The program, which she said is ready to start tomorrow (Friday, Feb. 15), is funded entirely by the Food Pantry, which buys, bags and delivers the food. Teachers take the bags they need and slip them into the students’ backpacks at an “inconspicuous” time (most likely during recess). About 40 children in kindergarten through second grade are enrolled in the program, which has enough food for 14 weeks.

“Kids have no say in whether or not they’re hungry,” said Jones, who stressed that the program was concerned with protecting the students’ confidentiality and ensuring they would not be teased or stigmatized for taking home extra food.

Similar programs have unique backpacks for the children (hence the name “backpack program”) and some even offer rewards for students who return the bags, turning the program into more of a game. Jones said that while that had been considered, there aren’t enough students enrolled to make it feel like a “club,” and the unique backpacks were simply too expensive for now.

“I think it’s a really good program,” said board vice chair Aline Johnson of the Piedmont district. “I really do.”

“It seems like a no-brainer,” said Jackson district’s Amy Hitt. “I would hate to see any children go hungry.” The board thanked Jones for her presentation and for helping to get the program implemented, before unanimously approving it, 5-0.

The board heard a report from instructional coordinator Shannon Grimsley, on behalf of the school division’s recently convened curriculum-review team, who recommended RCPS adopt a new 10-point grading scale instead of continuing with its current seven-point scale.

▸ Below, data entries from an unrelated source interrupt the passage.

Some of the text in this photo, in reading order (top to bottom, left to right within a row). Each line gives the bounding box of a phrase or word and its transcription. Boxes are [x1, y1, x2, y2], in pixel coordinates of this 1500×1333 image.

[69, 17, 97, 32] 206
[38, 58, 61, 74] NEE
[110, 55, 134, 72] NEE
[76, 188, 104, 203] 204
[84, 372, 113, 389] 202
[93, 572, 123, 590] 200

Based on the grading scale employed in Fairfax County (and other school divisions), the new scale, which would take effect at the beginning of the 2013-2014 school year, would include plusses and minuses with the letter grades. The “A” grade range would now cover 90-100, a “B” would run from 80-89 and an “F” would now be anything below a 60 (currently it’s a 69).

Grimsley said she didn’t believe that the grade distribution among the student population would change significantly, and added that the new scale is not “lowering our standards.” The board voted unanimously to accept the change.